Communities are healthier if they have access to high-quality green spaces that help
filter air pollution, reduce air and ground temperatures, and provide opportunities
for physical activity.
20
Connection with nature reduces stress, loneliness and depression while promoting social
interaction.
21
These benefits are threatened by the continuing rise in urbanisation.
22
Finally, the health impacts of climate change and biodiversity loss will be experienced
unequally between and within countries, with the most vulnerable communities often
bearing the highest burden.
10
Linked to this, inequality is also arguably fuelling these environmental crises. Environmental
challenges and social/health inequities are challenges that share drivers and there
are potential co-benefits of addressing them.
10
A Global Health Emergency
In December 2022 the biodiversity COP agreed on the effective conservation and management
of at least 30% of the world’s land, coastal areas, and oceans by 2030.
23
Industrialised countries agreed to mobilise $30 billion per year to support developing
nations to do so.
23
These agreements echo promises made at climate COPs.
Yet many commitments made at COPs have not been met. This has allowed ecosystems to
be pushed further to the brink, greatly increasing the risk of arriving at ‘tipping
points’, abrupt breakdowns in the functioning of nature.
2,24
If these events were to occur, the impacts on health would be globally catastrophic.

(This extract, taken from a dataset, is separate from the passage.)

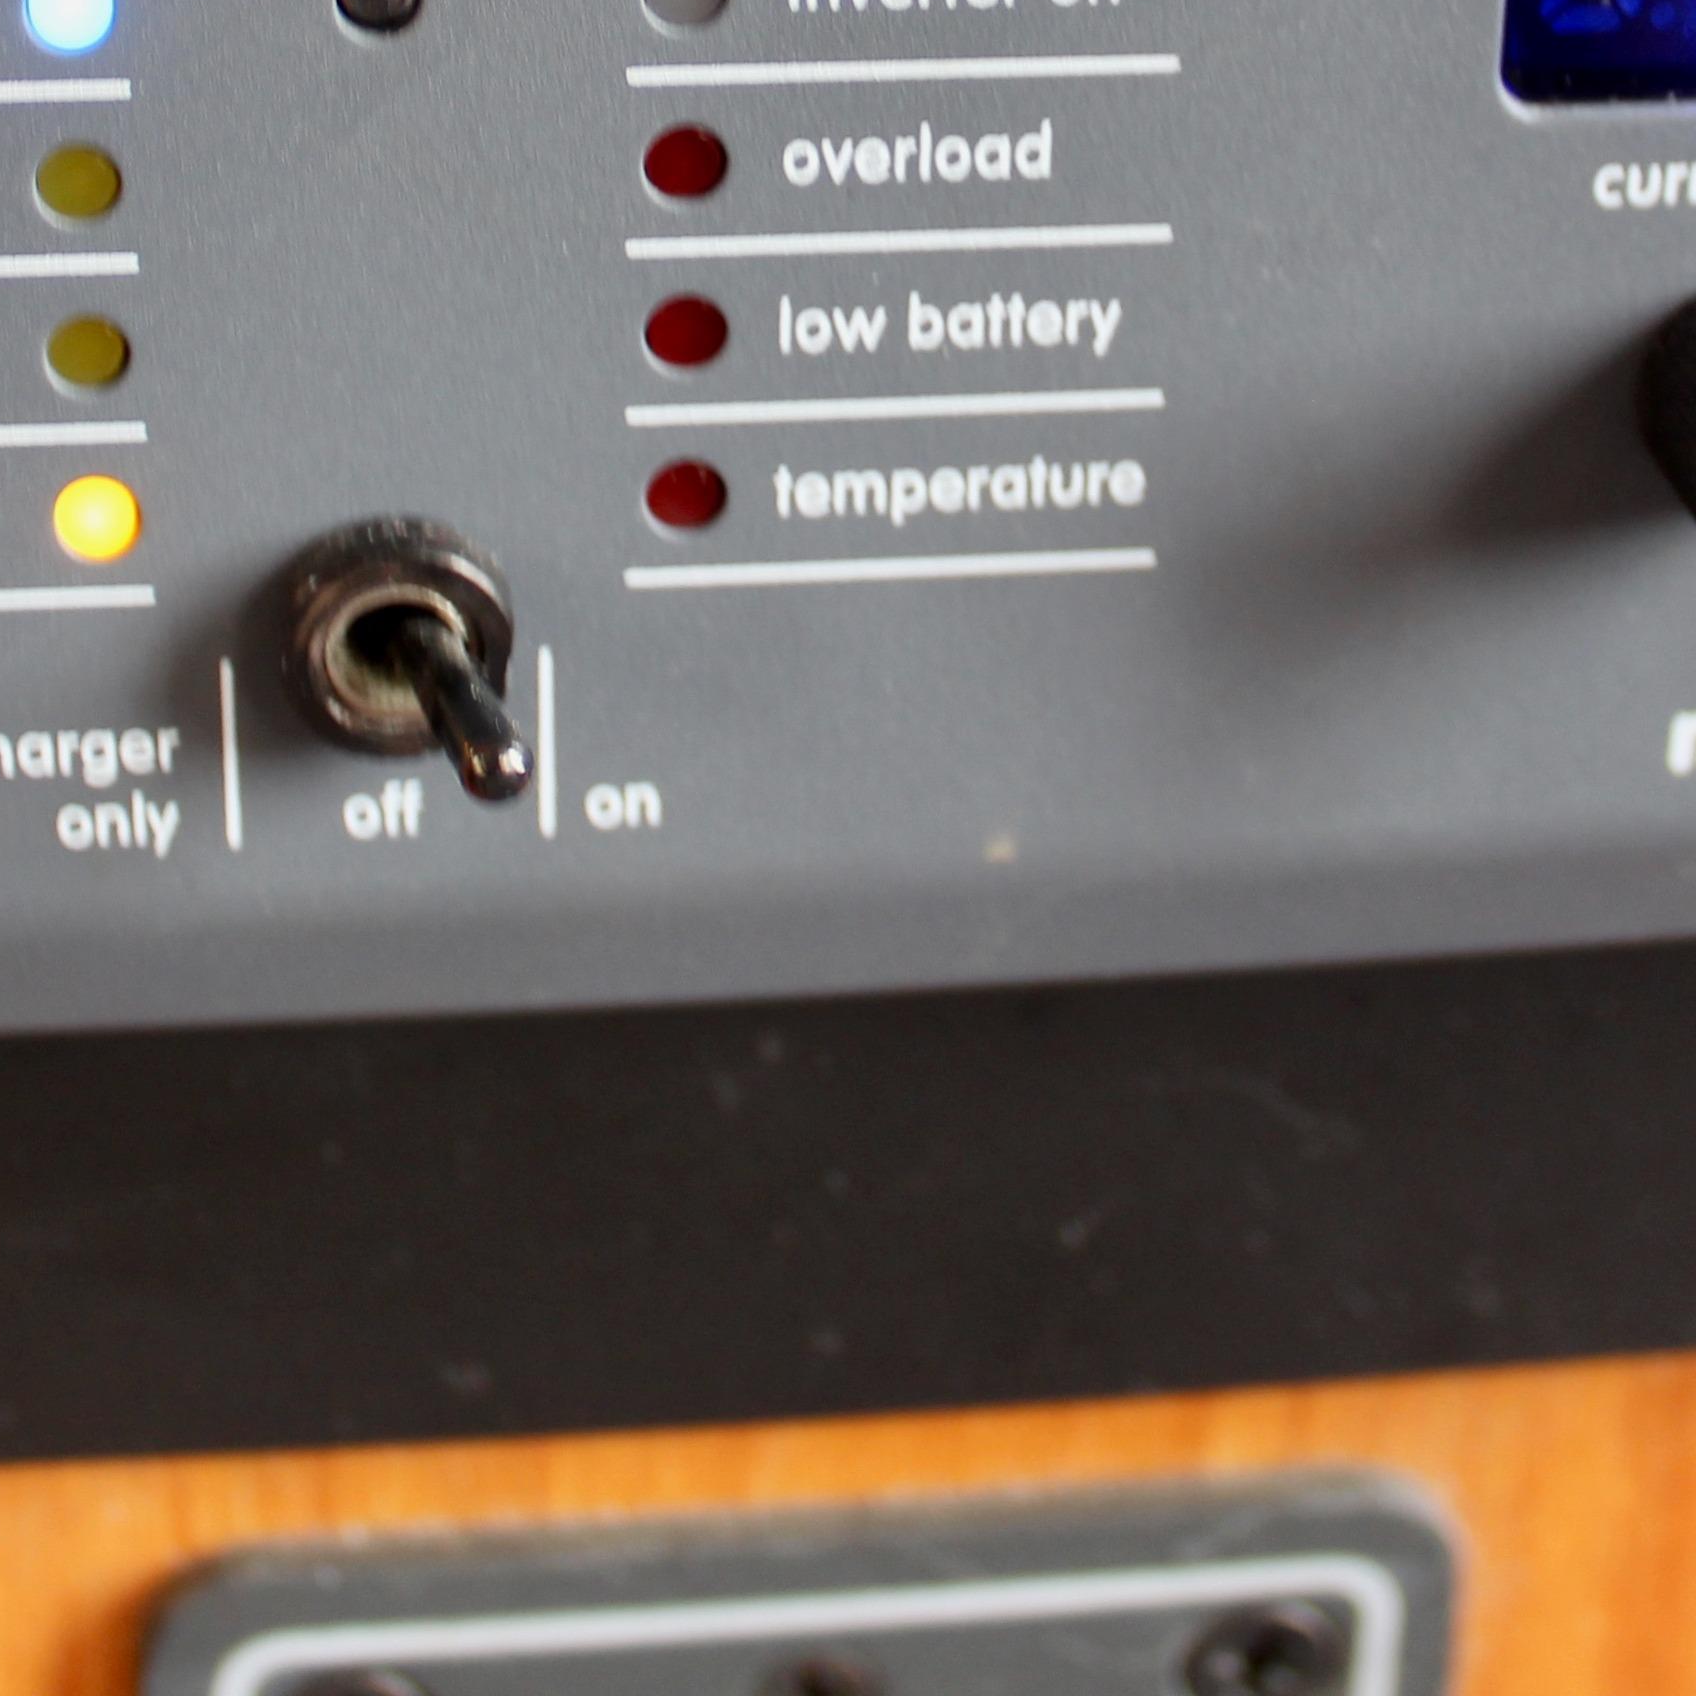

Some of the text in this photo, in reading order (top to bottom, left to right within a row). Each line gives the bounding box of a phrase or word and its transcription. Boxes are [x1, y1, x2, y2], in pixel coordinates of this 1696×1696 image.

This risk, combined with the severe impacts on health already occurring, means that
the World Health Organization should declare the indivisible climate and nature crisis
as a global health emergency. The three pre-conditions for WHO to declare a situation
to be a Public Health Emergency of International Concern
25
are that it: 1) is serious, sudden, unusual or unexpected; 2) carries implications
for public health beyond the affected State’s national border; and 3) may require
immediate international action. Climate change would appear to fulfil all of those
conditions. While the accelerating climate change and loss of biodiversity are not
sudden or unexpected, they are certainly serious and unusual. Hence we call for WHO
to make this declaration before or at the Seventy-seventh World Health Assembly in
May 2024.
Tackling this emergency requires the COP processes to be harmonised. As a first step,
the respective conventions must push for better integration of national climate plans
with biodiversity equivalents.
3
As the 2020 workshop that brought climate and nature scientists together concluded,
“Critical leverage points include exploring alternative visions of good quality of
life, rethinking consumption and waste, shifting values related to the human-nature
relationship, reducing inequalities, and promoting education and learning.”
1
All of these would benefit health.
Health professionals must be powerful advocates for both restoring biodiversity and
tackling climate change for the good of health. Political leaders must recognise both
the severe threats to health from the planetary crisis as well as the benefits that
can flow to health from tackling the crisis.
26
But first, we must recognise this crisis for what it is: a global health emergency.